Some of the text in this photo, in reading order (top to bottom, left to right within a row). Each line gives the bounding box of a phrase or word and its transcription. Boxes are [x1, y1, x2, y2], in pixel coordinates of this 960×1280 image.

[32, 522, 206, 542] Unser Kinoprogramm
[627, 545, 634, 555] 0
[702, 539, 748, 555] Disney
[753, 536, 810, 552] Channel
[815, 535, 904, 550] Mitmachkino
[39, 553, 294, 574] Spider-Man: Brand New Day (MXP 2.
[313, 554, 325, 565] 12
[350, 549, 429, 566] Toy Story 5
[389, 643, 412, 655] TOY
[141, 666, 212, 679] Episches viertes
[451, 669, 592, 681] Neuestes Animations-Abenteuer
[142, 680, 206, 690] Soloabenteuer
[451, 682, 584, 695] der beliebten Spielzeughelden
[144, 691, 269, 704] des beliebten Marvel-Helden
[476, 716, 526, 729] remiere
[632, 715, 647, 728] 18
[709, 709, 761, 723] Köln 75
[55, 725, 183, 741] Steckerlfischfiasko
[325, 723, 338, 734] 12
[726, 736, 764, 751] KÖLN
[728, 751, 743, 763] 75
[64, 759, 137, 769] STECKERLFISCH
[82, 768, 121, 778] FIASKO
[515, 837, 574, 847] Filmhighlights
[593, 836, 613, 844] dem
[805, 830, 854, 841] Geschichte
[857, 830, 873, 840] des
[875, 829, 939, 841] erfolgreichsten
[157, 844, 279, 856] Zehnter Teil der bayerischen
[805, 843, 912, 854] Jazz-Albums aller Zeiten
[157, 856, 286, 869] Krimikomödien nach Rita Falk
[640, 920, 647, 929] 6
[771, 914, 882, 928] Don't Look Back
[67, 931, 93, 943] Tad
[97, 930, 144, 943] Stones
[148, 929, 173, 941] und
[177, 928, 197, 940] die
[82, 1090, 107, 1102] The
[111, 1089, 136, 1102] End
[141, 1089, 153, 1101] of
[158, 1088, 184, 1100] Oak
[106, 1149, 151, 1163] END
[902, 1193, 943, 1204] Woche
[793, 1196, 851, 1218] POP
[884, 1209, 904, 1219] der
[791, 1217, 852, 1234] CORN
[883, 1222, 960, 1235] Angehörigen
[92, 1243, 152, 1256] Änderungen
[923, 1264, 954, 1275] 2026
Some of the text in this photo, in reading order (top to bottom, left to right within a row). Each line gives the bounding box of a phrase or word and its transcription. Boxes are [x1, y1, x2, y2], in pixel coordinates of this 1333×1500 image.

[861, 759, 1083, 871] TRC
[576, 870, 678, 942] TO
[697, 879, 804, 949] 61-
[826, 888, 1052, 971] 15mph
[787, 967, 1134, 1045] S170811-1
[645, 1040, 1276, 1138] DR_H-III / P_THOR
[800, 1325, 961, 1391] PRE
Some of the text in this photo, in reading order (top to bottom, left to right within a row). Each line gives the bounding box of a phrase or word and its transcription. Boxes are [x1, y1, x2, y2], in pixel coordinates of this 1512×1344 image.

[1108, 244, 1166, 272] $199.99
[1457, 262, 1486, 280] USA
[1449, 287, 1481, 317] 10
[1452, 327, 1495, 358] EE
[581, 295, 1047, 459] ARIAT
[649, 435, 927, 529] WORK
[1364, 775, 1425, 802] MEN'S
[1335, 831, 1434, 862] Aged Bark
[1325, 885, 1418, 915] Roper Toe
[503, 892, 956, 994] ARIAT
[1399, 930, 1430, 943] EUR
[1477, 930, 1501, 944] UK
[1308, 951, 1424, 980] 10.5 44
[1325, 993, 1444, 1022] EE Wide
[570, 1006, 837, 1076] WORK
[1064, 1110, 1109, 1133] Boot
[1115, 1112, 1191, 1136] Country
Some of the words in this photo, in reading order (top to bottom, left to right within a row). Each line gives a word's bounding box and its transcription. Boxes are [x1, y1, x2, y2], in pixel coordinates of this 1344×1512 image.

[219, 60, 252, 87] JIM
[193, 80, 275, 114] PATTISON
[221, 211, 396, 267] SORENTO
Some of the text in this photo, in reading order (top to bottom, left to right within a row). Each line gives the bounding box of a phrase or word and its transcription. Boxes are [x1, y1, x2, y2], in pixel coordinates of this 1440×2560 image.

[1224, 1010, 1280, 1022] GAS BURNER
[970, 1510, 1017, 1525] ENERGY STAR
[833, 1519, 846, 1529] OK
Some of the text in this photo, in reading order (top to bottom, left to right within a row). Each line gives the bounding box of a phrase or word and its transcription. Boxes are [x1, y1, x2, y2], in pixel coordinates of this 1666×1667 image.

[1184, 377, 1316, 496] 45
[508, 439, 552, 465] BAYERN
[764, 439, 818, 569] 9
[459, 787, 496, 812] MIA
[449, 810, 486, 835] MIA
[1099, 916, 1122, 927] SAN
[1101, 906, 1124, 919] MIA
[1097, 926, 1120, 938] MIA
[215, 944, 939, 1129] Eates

### [Problem requirements]
Restate the records word for word, leaving nothing out.

### [Answer for this exercise]
Some of the text in this photo, in reading order (top to bottom, left to right within a row). Each line gives the bounding box of a phrase or word and its transcription. Boxes are [x1, y1, x2, y2], in pixel coordinates of this 960×1280 image.

[32, 522, 206, 542] Unser Kinoprogramm
[627, 545, 634, 555] 0
[702, 539, 748, 555] Disney
[753, 536, 810, 552] Channel
[815, 535, 904, 550] Mitmachkino
[39, 553, 294, 574] Spider-Man: Brand New Day (MXP 2.
[313, 554, 325, 565] 12
[350, 549, 429, 566] Toy Story 5
[389, 643, 412, 655] TOY
[141, 666, 212, 679] Episches viertes
[451, 669, 592, 681] Neuestes Animations-Abenteuer
[142, 680, 206, 690] Soloabenteuer
[451, 682, 584, 695] der beliebten Spielzeughelden
[144, 691, 269, 704] des beliebten Marvel-Helden
[476, 716, 526, 729] remiere
[632, 715, 647, 728] 18
[709, 709, 761, 723] Köln 75
[55, 725, 183, 741] Steckerlfischfiasko
[325, 723, 338, 734] 12
[726, 736, 764, 751] KÖLN
[728, 751, 743, 763] 75
[64, 759, 137, 769] STECKERLFISCH
[82, 768, 121, 778] FIASKO
[515, 837, 574, 847] Filmhighlights
[593, 836, 613, 844] dem
[805, 830, 854, 841] Geschichte
[857, 830, 873, 840] des
[875, 829, 939, 841] erfolgreichsten
[157, 844, 279, 856] Zehnter Teil der bayerischen
[805, 843, 912, 854] Jazz-Albums aller Zeiten
[157, 856, 286, 869] Krimikomödien nach Rita Falk
[640, 920, 647, 929] 6
[771, 914, 882, 928] Don't Look Back
[67, 931, 93, 943] Tad
[97, 930, 144, 943] Stones
[148, 929, 173, 941] und
[177, 928, 197, 940] die
[82, 1090, 107, 1102] The
[111, 1089, 136, 1102] End
[141, 1089, 153, 1101] of
[158, 1088, 184, 1100] Oak
[106, 1149, 151, 1163] END
[902, 1193, 943, 1204] Woche
[793, 1196, 851, 1218] POP
[884, 1209, 904, 1219] der
[791, 1217, 852, 1234] CORN
[883, 1222, 960, 1235] Angehörigen
[92, 1243, 152, 1256] Änderungen
[923, 1264, 954, 1275] 2026
Some of the text in this photo, in reading order (top to bottom, left to right within a row). Each line gives the bounding box of a phrase or word and its transcription. Boxes are [x1, y1, x2, y2], in pixel coordinates of this 1333×1500 image.

[861, 759, 1083, 871] TRC
[576, 870, 678, 942] TO
[697, 879, 804, 949] 61-
[826, 888, 1052, 971] 15mph
[787, 967, 1134, 1045] S170811-1
[645, 1040, 1276, 1138] DR_H-III / P_THOR
[800, 1325, 961, 1391] PRE
Some of the text in this photo, in reading order (top to bottom, left to right within a row). Each line gives the bounding box of a phrase or word and its transcription. Boxes are [x1, y1, x2, y2], in pixel coordinates of this 1512×1344 image.

[1108, 244, 1166, 272] $199.99
[1457, 262, 1486, 280] USA
[1449, 287, 1481, 317] 10
[1452, 327, 1495, 358] EE
[581, 295, 1047, 459] ARIAT
[649, 435, 927, 529] WORK
[1364, 775, 1425, 802] MEN'S
[1335, 831, 1434, 862] Aged Bark
[1325, 885, 1418, 915] Roper Toe
[503, 892, 956, 994] ARIAT
[1399, 930, 1430, 943] EUR
[1477, 930, 1501, 944] UK
[1308, 951, 1424, 980] 10.5 44
[1325, 993, 1444, 1022] EE Wide
[570, 1006, 837, 1076] WORK
[1064, 1110, 1109, 1133] Boot
[1115, 1112, 1191, 1136] Country
Some of the words in this photo, in reading order (top to bottom, left to right within a row). Each line gives a word's bounding box and its transcription. Boxes are [x1, y1, x2, y2], in pixel coordinates of this 1344×1512 image.

[219, 60, 252, 87] JIM
[193, 80, 275, 114] PATTISON
[221, 211, 396, 267] SORENTO
Some of the text in this photo, in reading order (top to bottom, left to right within a row). Each line gives the bounding box of a phrase or word and its transcription. Boxes are [x1, y1, x2, y2], in pixel coordinates of this 1440×2560 image.

[1224, 1010, 1280, 1022] GAS BURNER
[970, 1510, 1017, 1525] ENERGY STAR
[833, 1519, 846, 1529] OK
Some of the text in this photo, in reading order (top to bottom, left to right within a row). Each line gives the bounding box of a phrase or word and its transcription. Boxes are [x1, y1, x2, y2], in pixel coordinates of this 1666×1667 image.

[1184, 377, 1316, 496] 45
[508, 439, 552, 465] BAYERN
[764, 439, 818, 569] 9
[459, 787, 496, 812] MIA
[449, 810, 486, 835] MIA
[1099, 916, 1122, 927] SAN
[1101, 906, 1124, 919] MIA
[1097, 926, 1120, 938] MIA
[215, 944, 939, 1129] Eates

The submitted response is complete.